WHAT IS NEEDED => Could the listing be repeated exactly, with every picture dropped?
*** SOURCE DATA Section Begins ***
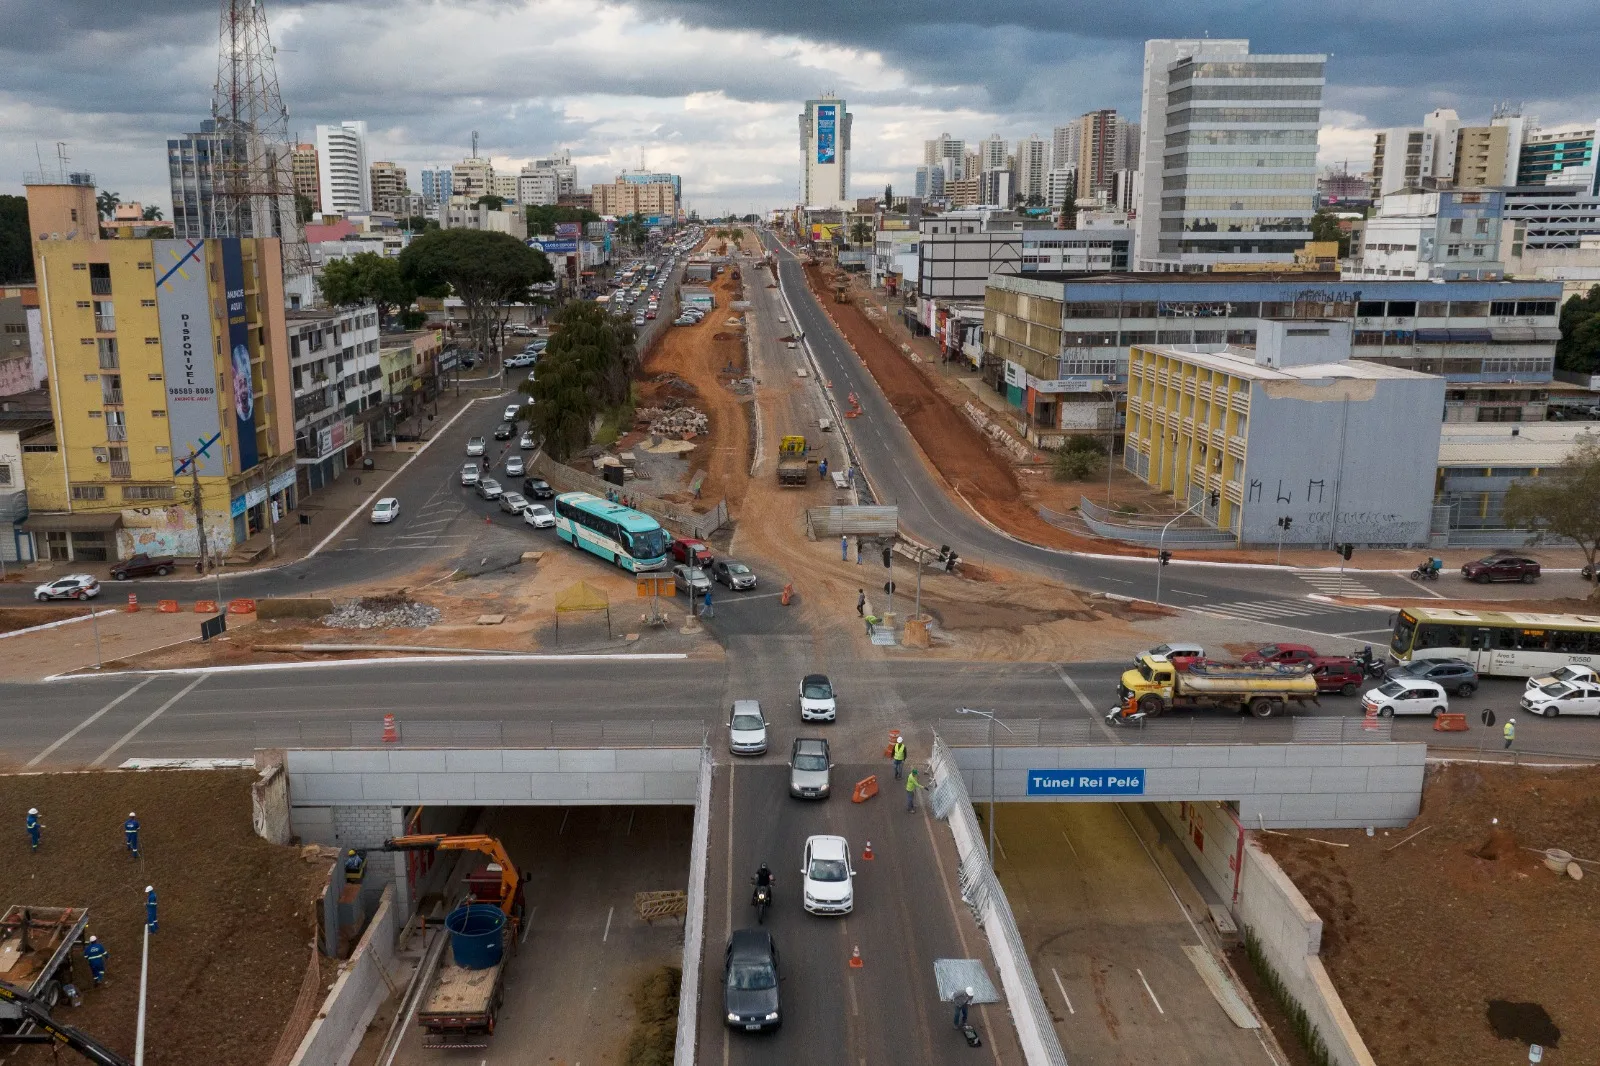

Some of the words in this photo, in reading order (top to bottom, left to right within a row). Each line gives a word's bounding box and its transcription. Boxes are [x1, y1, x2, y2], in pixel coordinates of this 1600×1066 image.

[181, 314, 194, 384] DISPONIVEL
[1033, 777, 1074, 787] Túnel
[1079, 776, 1103, 787] Rei
[1107, 776, 1140, 787] Pelé
*** SOURCE DATA Section Ends ***
RESPONSE =>
Some of the words in this photo, in reading order (top to bottom, left to right within a row). Each line gives a word's bounding box and its transcription. Boxes are [x1, y1, x2, y2], in pixel coordinates of this 1600×1066 image.

[181, 314, 194, 384] DISPONIVEL
[1033, 777, 1074, 787] Túnel
[1079, 776, 1103, 787] Rei
[1107, 776, 1140, 787] Pelé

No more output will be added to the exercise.